Lose – Lose
by Ron Davis
A major tenant as well as the owners of a Florida shopping center must simply continue to suffer the financial hardship of lengthy renovations to the facility.
The shopping center, located in the Vero Beach area, had leased a building in the center’s plaza area to the tenant for the operation of a restaurant. At the time of the leasing, the renovations were under way. But the lease contained no provisions estimating the completion of that undertaking. Nevertheless, the tenant agreed to accept the premises “in their current condition.”
A year later, the tenant stopped making rental payments to the center’s owners, charging that they “fraudulently induced the execution of the lease agreement.” Specifically, the tenant claimed that the center’s owners “breached the lease by failing to have the sewage hooked up as required” by the agreed due date.
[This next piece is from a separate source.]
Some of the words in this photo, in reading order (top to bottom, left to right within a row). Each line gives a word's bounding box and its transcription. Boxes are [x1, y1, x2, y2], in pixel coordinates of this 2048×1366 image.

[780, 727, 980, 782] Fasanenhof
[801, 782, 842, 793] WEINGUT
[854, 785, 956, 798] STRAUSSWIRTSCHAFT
Such failure, the tenant explained, resulted in a delayed opening of the restaurant.
Moreover, the tenant added, the center’s owners refused to repair the roof, the parking facilities, the air-conditioning system, and the landscaping. Lastly, the tenant added, the owners did not provide adequate parking spaces for the businesses in the plaza area and intentionally removed and destroyed the return-air unit of the restaurant.
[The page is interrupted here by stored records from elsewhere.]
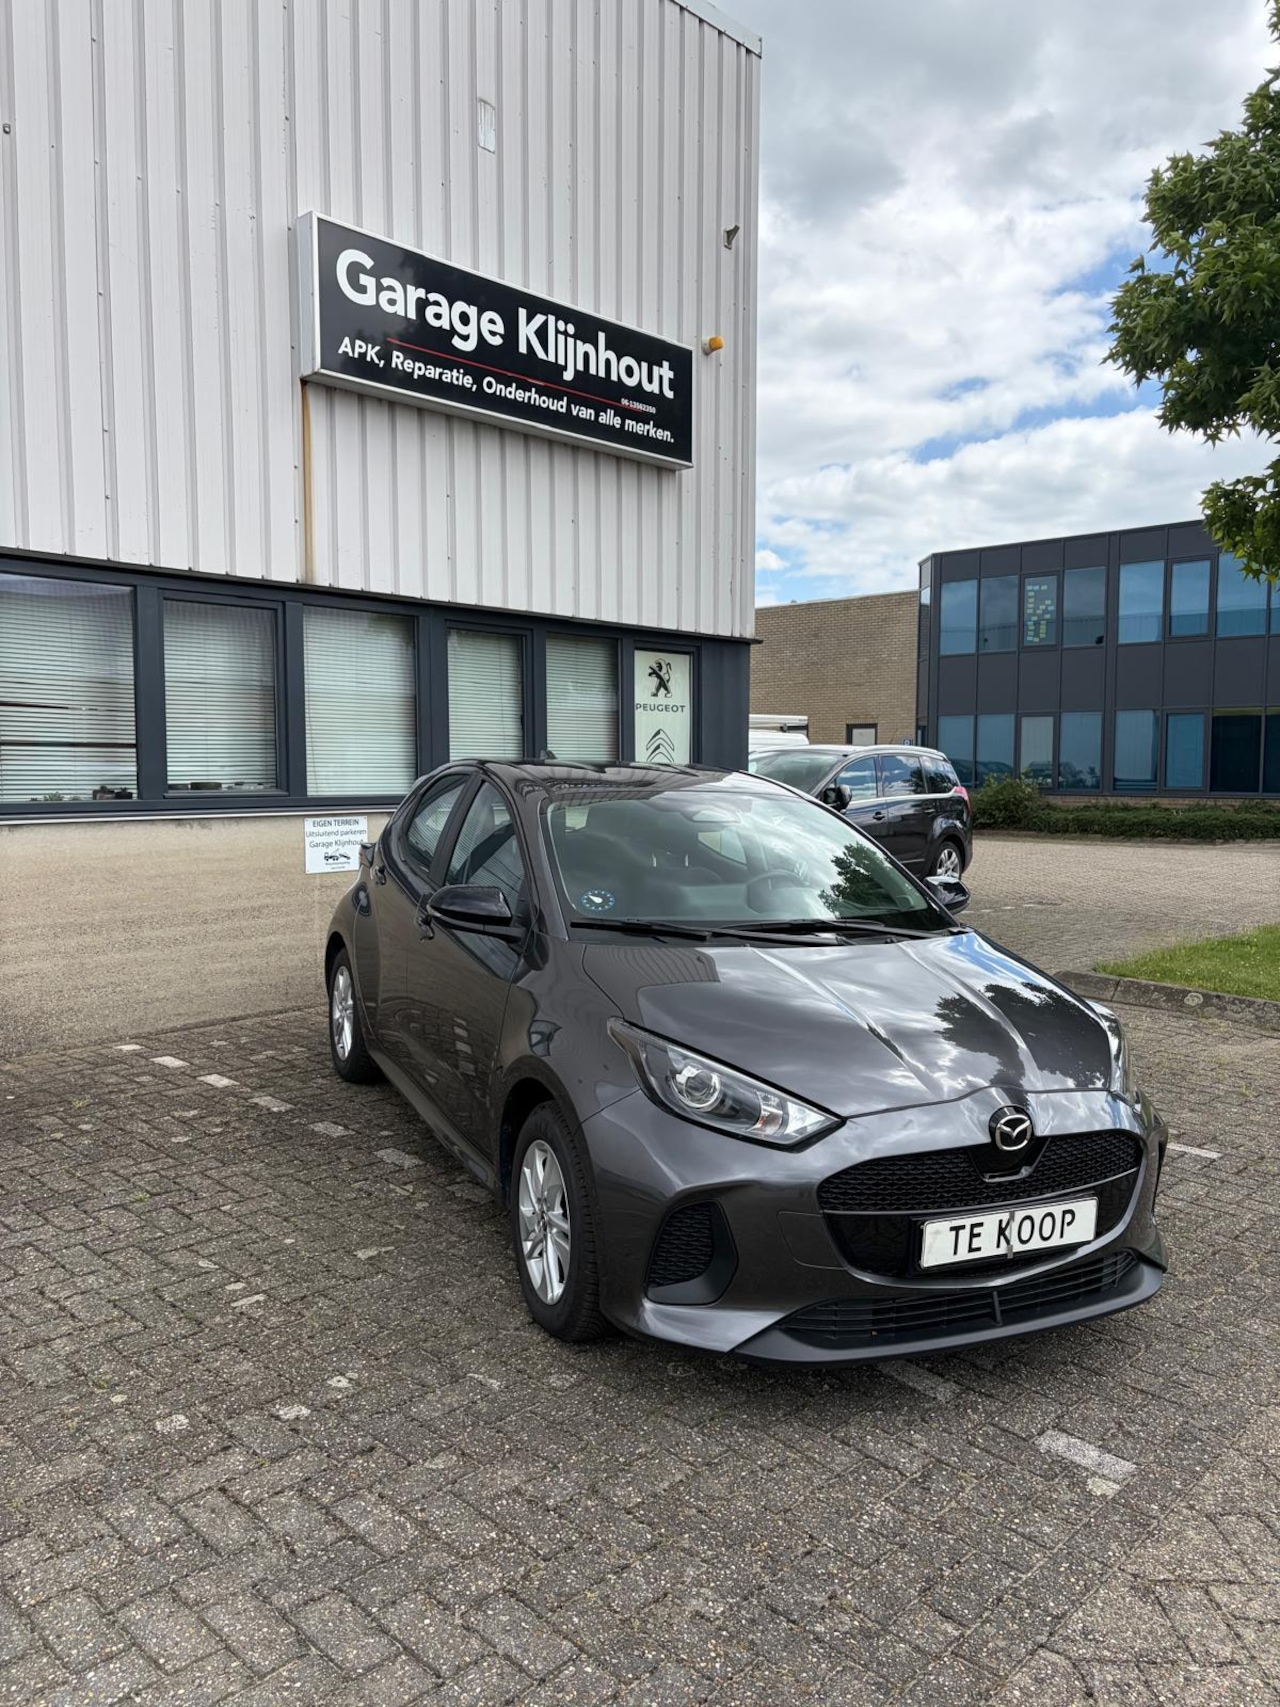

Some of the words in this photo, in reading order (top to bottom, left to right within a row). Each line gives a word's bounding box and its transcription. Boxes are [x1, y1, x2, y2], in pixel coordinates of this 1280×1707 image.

[336, 249, 505, 352] Garage
[518, 306, 675, 399] Klijnhout
[338, 336, 385, 368] APK,
[391, 350, 477, 392] Reparatie,
[482, 376, 567, 413] Onderhoud
[571, 403, 595, 421] van
[598, 408, 621, 429] alle
[624, 419, 675, 443] merken.
[635, 703, 686, 713] PEUGEOT
[312, 819, 332, 828] EIGEN
[333, 818, 359, 827] TERREIN
[340, 829, 367, 837] parkeren
[309, 840, 333, 849] Garage
[949, 1222, 984, 1256] TE
[996, 1208, 1076, 1249] KOOP
To force payment of the rent, the shopping center’s owners sued the tenant.
A Florida court determined that the shopping center’s owners had breached the lease by not completing the necessary renovations by the promised date “and because of failure to maintain the roof of the building, the exterior of the plaza, [as well as keep] all parking areas in decent repair.” The judge therefore surmised that the tenant had suffered $102,395.15 in damages (including lost profits) because of “failure to complete work on the plaza by the due date and [had] incurred $32,840.62 in damages as a result of failure to maintain the premises.”
The judge also rejected the center owners’ claim that the tenant had breached the lease by failing to make timely payments of several months’ rent.
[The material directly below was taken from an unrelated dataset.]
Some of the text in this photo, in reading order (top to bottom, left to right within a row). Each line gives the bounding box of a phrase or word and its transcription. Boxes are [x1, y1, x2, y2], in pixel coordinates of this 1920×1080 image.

The center owners appealed those findings. And a Florida appellate court pointed out that there was no obligation under the lease to complete the work on the plaza by a definite date. Therefore, the judges explained, the lease contained no such covenant. “To the contrary,” they decided, “the lease provided that the tenant was accepting the premises, including the building and the plaza, in their current condition at the beginning of the rental period…. [The owners] cannot reasonably be charged with any damages that [the tenant] incurred as a result of the delayed opening” of the restaurant.
The appellate court therefore disallowed the penalty of $102,395.15 that the lower court judge had imposed. “The appropriate amount of the judgment in favor of the tenant should be $32,840.62,” the judges ruled.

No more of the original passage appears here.